While we’ve all been looking in one direction, at inflation, few have looked at the other coming problem, that of deflation. This reversal is one of the reasons for higher interest rates, not inflation, but deflation.
So, how does increasing interest rates create deflation?
To put things as simple as possible, which is never easy, to be able to combat deflation interest rates need to be high enough to drop, zero rates allow no room to lower rates, other than negative interest rates.
So, as governments printed money at record levels you had a lot of cash chasing too few goods, as the global supply chain collapsed. Companies’ inventories are now much improved, however the higher interest rates, energy costs and taxation, have reduced liquidity.

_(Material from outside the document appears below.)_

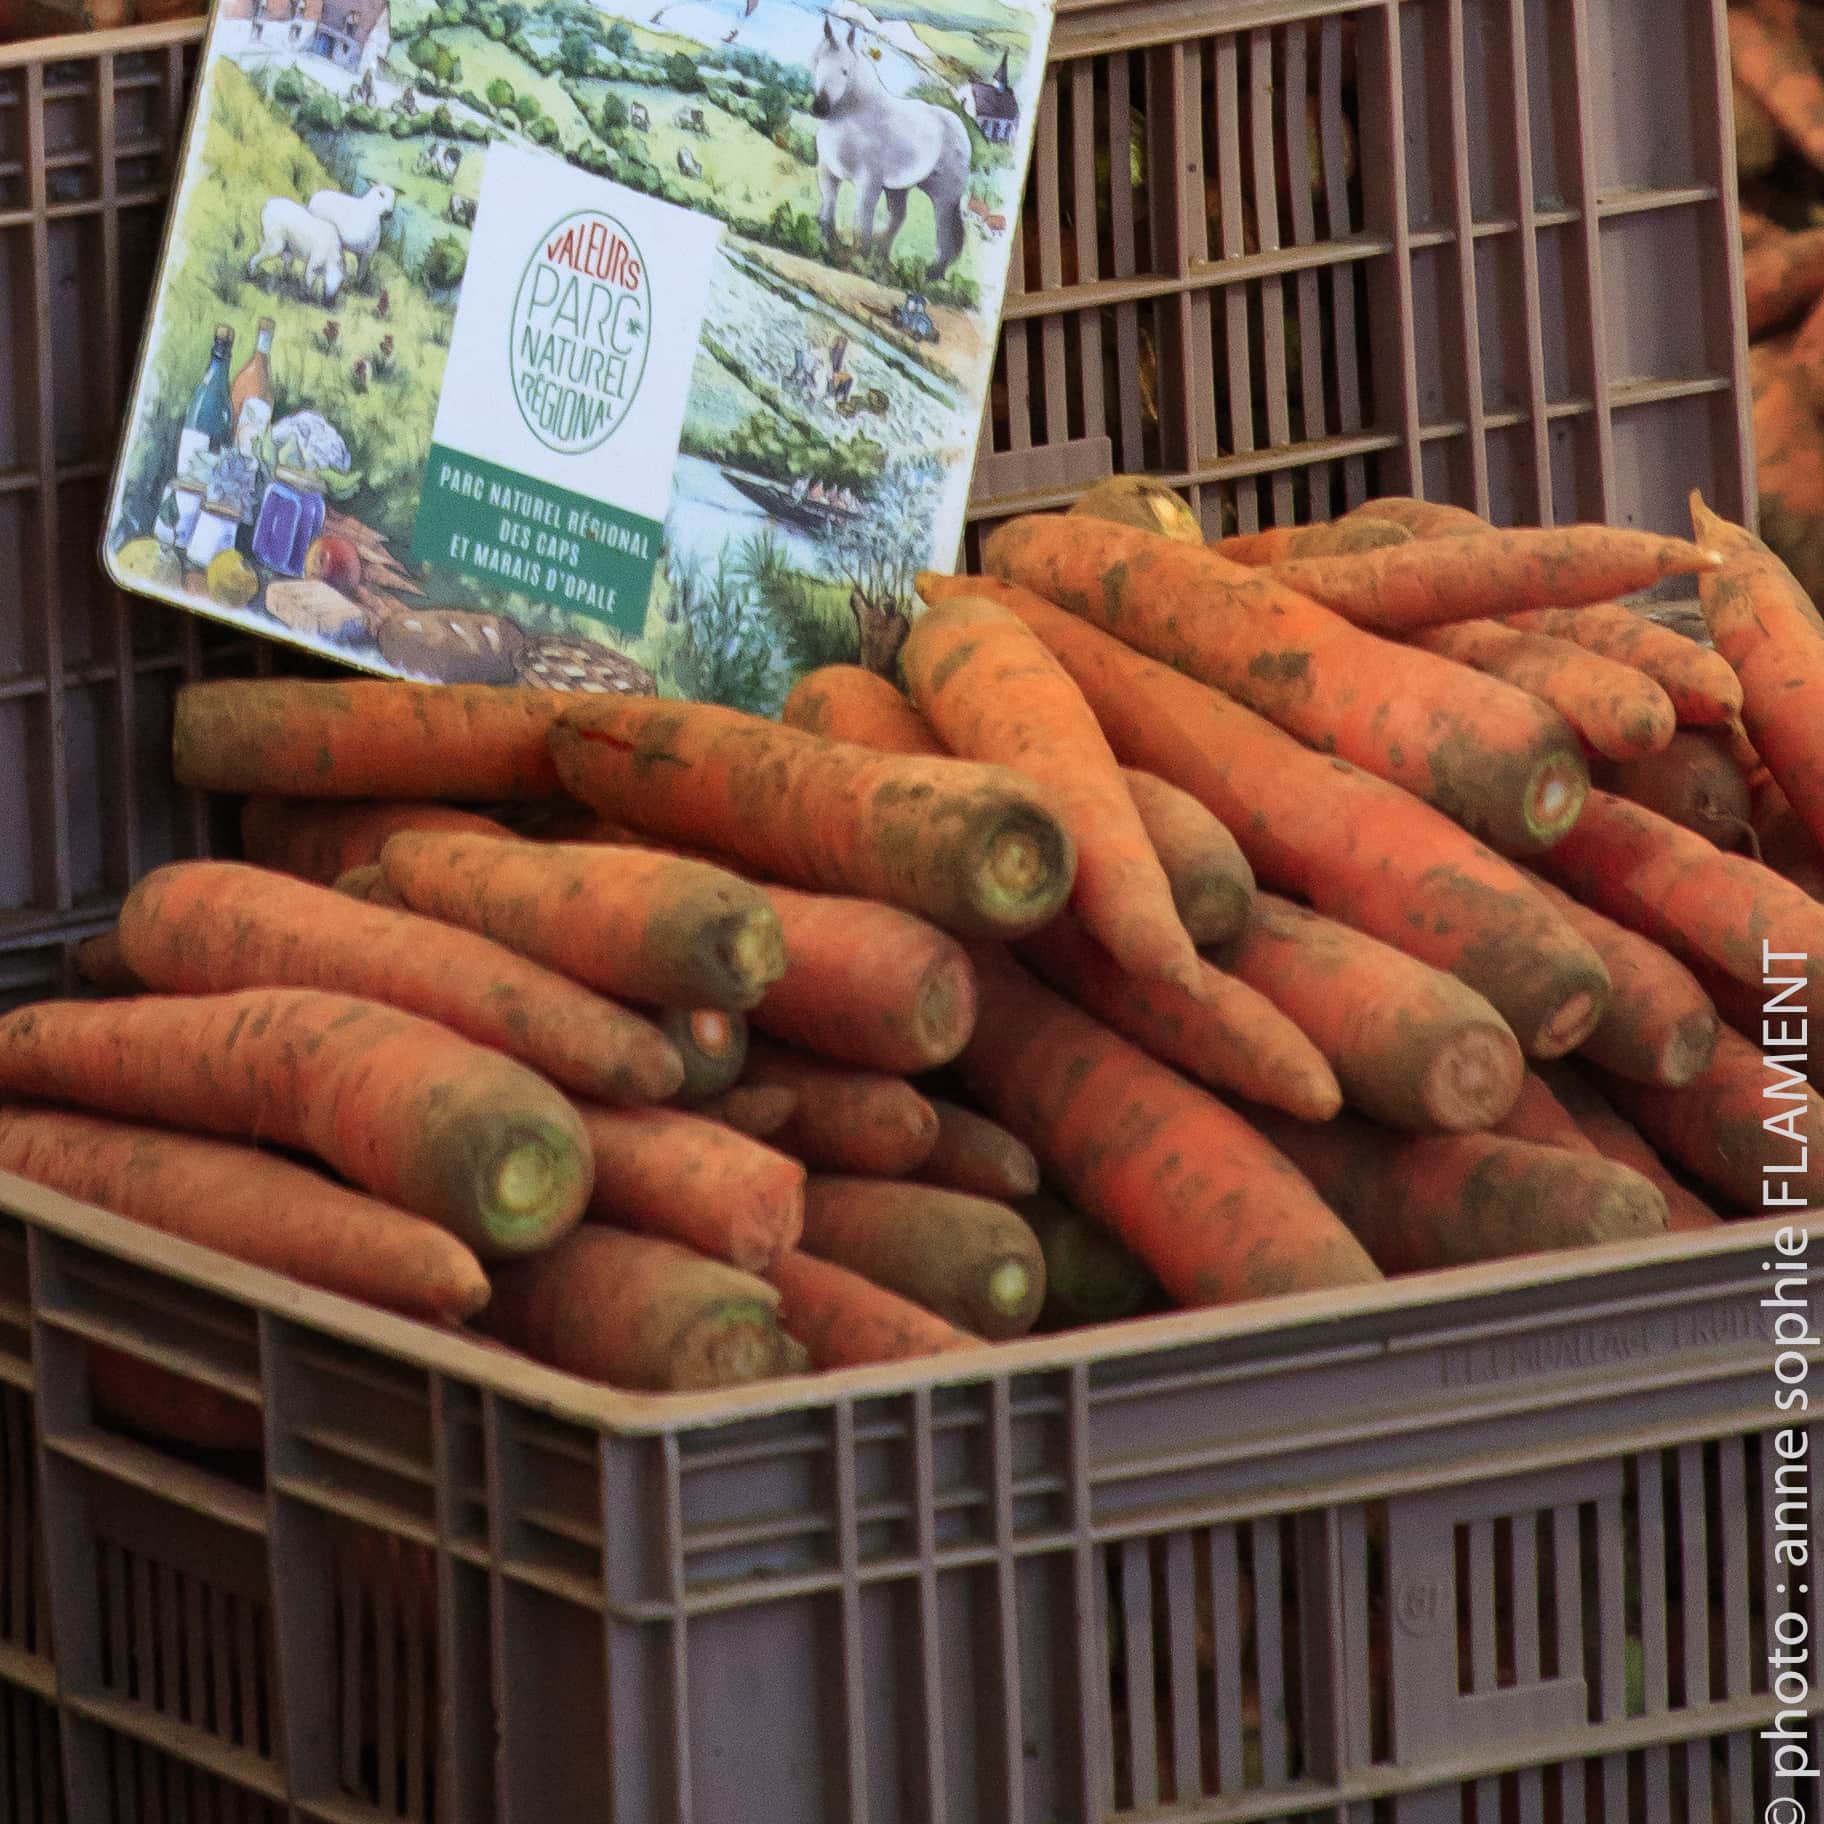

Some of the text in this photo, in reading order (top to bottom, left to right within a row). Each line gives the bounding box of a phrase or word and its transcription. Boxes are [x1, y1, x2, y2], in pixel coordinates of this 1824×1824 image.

This has led to inflation and oil price falling, leading to reductions of oil production to hold up the price.
Consumers have other things to spend their money on, mainly energy, food, and taxation. This has led to a terrible Christmas for retailers and car dealers. When you add falling house prices to this mix, you start to see deflation on the way.
A recession is already here and as prices fall in January by record amounts as companies look to get rid of excess inventory, you should see inflation go in to reverse.
To combat this the central banks can lower interest rates from their highs and print yet more currency to increase liquidity.
The question will be of course, can they balance this out or will we hit deflation hard?
When interest rates go back down to zero and governments print more debt, will the consumer trust them and start spending again? I doubt that they will.
The banks’ ability to control this situation left them in 2008, and once deflation comes, they will put the printing presses hard to work and we will be back with very high inflation again.
The solution is a stable global currency, and the only thing we know that works is Gold.